Once the file is open, append the following environment variable settings to it. These variables are used by Java and Hadoop at runtime:

export JAVA_HOME=/usr/local/java
export PATH=$PATH:$JAVA_HOME/bin
export HADOOP_INSTALL=/usr/local/hadoop
export PATH=$PATH:$HADOOP_INSTALL/bin
export PATH=$PATH:$HADOOP_INSTALL/sbin
export HADOOP_MAPRED_HOME=$HADOOP_INSTALL
export HADOOP_COMMON_HOME=$HADOOP_INSTALL
export HADOOP_HDFS_HOME=$HADOOP_INSTALL
export YARN_HOME=$HADOOP_INSTALL
export HADOOP_COMMON_LIB_NATIVE_DIR=$HADOOP_INSTALL/lib/native
export HADOOP_OPTS="-Djava.library.path=$HADOOP_INSTALL/lib"
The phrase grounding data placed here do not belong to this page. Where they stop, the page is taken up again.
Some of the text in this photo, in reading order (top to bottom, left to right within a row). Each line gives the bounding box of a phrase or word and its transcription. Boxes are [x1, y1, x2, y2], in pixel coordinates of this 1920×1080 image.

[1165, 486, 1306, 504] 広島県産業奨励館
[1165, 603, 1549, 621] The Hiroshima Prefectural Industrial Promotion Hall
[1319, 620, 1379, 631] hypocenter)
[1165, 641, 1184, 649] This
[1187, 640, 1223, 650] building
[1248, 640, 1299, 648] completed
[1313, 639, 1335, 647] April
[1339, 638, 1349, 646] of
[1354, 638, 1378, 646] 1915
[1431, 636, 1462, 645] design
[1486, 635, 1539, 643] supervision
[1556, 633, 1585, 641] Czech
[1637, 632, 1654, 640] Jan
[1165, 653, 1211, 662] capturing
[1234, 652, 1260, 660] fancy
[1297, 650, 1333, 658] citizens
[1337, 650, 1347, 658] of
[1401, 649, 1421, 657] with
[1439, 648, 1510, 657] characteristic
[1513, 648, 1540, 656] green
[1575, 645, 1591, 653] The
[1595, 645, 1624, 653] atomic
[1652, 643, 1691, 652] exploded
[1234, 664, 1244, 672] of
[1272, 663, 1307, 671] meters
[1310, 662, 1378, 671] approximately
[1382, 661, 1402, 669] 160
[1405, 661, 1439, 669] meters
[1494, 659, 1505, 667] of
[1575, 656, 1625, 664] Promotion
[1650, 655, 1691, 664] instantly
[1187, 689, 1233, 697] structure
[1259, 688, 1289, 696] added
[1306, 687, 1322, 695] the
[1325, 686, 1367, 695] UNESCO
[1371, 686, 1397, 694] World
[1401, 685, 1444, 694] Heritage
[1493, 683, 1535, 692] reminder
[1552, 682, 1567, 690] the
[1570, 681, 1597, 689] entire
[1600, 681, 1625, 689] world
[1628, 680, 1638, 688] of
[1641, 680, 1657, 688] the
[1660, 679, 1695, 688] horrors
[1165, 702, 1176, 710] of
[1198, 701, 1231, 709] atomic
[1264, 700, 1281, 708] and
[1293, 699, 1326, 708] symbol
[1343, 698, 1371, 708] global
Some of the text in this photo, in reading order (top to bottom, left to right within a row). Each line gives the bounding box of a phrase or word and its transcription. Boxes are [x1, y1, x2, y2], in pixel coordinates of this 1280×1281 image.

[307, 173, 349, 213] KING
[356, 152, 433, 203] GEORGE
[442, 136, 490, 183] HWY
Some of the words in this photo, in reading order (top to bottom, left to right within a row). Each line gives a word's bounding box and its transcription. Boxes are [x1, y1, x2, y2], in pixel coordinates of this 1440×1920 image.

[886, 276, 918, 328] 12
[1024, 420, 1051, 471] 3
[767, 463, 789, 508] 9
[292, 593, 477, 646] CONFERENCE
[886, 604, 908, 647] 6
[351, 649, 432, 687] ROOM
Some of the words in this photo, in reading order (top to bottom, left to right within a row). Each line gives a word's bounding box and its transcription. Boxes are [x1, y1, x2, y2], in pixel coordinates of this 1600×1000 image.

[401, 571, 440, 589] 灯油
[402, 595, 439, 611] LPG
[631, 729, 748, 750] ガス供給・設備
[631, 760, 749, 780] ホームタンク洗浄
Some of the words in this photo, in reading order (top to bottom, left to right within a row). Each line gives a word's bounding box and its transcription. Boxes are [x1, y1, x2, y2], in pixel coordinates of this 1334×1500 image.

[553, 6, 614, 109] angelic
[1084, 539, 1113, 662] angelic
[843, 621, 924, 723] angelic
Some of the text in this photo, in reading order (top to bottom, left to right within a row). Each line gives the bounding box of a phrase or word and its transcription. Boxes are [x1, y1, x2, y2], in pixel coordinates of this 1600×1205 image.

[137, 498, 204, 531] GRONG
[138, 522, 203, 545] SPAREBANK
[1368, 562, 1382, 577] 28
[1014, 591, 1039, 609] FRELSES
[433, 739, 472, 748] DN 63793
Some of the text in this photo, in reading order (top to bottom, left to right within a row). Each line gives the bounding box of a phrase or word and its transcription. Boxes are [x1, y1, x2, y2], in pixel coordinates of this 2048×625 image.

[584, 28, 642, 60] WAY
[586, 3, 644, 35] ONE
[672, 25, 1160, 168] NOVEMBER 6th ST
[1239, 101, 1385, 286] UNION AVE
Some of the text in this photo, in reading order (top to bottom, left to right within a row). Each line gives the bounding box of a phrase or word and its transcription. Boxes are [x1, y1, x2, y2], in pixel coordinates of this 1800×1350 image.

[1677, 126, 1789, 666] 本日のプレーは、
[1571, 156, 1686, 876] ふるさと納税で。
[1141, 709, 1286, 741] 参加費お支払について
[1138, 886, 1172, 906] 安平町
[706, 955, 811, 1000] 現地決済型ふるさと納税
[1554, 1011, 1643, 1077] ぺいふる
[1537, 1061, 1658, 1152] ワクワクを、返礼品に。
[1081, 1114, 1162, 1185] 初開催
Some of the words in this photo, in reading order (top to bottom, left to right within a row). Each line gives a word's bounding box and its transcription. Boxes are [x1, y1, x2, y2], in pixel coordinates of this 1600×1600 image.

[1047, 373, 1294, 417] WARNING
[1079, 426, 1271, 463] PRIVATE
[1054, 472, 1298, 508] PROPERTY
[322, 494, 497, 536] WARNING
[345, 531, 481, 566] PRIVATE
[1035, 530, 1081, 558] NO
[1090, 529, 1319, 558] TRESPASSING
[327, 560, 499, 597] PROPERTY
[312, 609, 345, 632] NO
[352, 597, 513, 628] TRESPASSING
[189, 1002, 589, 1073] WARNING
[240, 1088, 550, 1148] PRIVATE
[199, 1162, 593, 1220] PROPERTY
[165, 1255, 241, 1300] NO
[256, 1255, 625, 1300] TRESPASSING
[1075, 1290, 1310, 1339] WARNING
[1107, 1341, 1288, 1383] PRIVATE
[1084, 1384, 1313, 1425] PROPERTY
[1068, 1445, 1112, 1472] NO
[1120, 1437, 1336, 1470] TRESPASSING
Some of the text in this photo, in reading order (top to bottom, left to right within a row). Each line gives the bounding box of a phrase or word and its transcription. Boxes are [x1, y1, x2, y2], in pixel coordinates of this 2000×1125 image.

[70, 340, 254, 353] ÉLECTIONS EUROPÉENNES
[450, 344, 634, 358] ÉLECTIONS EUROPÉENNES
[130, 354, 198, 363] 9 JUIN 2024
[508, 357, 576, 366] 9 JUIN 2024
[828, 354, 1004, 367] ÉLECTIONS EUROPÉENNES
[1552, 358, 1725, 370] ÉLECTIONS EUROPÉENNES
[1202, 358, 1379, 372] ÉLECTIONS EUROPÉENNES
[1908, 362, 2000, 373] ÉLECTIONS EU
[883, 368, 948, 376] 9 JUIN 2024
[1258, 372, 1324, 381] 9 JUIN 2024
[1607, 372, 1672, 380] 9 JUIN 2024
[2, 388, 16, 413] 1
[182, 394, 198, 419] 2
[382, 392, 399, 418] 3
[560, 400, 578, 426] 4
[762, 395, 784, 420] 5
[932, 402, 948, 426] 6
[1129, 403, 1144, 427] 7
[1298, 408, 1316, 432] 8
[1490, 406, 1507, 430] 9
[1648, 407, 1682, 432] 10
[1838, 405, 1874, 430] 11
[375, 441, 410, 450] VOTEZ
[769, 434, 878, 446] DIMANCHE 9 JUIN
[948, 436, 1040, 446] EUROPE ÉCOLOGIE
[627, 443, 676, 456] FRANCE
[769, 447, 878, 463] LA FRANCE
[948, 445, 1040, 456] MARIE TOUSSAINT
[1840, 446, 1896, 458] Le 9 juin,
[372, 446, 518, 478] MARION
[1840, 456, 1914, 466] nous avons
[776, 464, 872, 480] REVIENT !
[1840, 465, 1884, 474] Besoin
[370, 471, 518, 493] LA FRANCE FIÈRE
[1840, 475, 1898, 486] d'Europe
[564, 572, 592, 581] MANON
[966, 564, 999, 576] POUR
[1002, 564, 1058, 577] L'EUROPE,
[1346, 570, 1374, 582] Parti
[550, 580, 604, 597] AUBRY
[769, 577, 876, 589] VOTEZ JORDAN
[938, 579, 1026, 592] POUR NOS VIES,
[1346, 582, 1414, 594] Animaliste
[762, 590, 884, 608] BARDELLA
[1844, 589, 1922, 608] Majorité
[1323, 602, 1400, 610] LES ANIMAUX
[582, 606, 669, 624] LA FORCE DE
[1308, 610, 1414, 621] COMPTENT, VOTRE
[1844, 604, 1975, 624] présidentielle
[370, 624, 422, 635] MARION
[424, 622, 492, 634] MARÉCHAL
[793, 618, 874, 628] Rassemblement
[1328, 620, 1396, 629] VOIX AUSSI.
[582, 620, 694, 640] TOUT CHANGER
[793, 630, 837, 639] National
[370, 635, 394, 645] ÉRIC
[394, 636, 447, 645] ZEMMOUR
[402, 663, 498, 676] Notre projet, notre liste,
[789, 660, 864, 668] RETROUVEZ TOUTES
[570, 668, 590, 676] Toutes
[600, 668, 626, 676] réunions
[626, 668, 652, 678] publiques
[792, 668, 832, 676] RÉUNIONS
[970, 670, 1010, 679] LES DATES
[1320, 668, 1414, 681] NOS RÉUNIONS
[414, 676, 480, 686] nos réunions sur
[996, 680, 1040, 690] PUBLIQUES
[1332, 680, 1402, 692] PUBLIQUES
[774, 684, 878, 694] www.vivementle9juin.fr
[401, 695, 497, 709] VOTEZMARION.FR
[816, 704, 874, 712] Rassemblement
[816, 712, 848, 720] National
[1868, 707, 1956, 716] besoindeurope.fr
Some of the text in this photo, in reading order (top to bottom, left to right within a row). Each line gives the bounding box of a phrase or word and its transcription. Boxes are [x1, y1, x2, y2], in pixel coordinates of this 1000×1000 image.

In order to verify whether our installation is perfect, close the terminal and restart it again. Also, check whether the Java and Hadoop versions can be seen:

$java -version
java version "1.7.0_45"
Java(TM) SE Runtime Environment (build 1.7.0_45-b18)
Java HotSpot(TM) Server VM (build 24.45-b08, mixed mode)

$ hadoop version
Hadoop 2.7.0
Subversion https://git-wip-us.apache.org/repos/asf/hadoop.git -r d4c8d4d4d203c934e8074b31289a28724c0842cf
Compiled by jenkins on 2015-04-10T18:40Z
Compiled with protoc 2.5.0
From source with checksum a9e90912c37a35c3195d23951fd18f

This command was run using /usr/local/hadoop/share/hadoop/common/hadoop-common-2.7.0.jar.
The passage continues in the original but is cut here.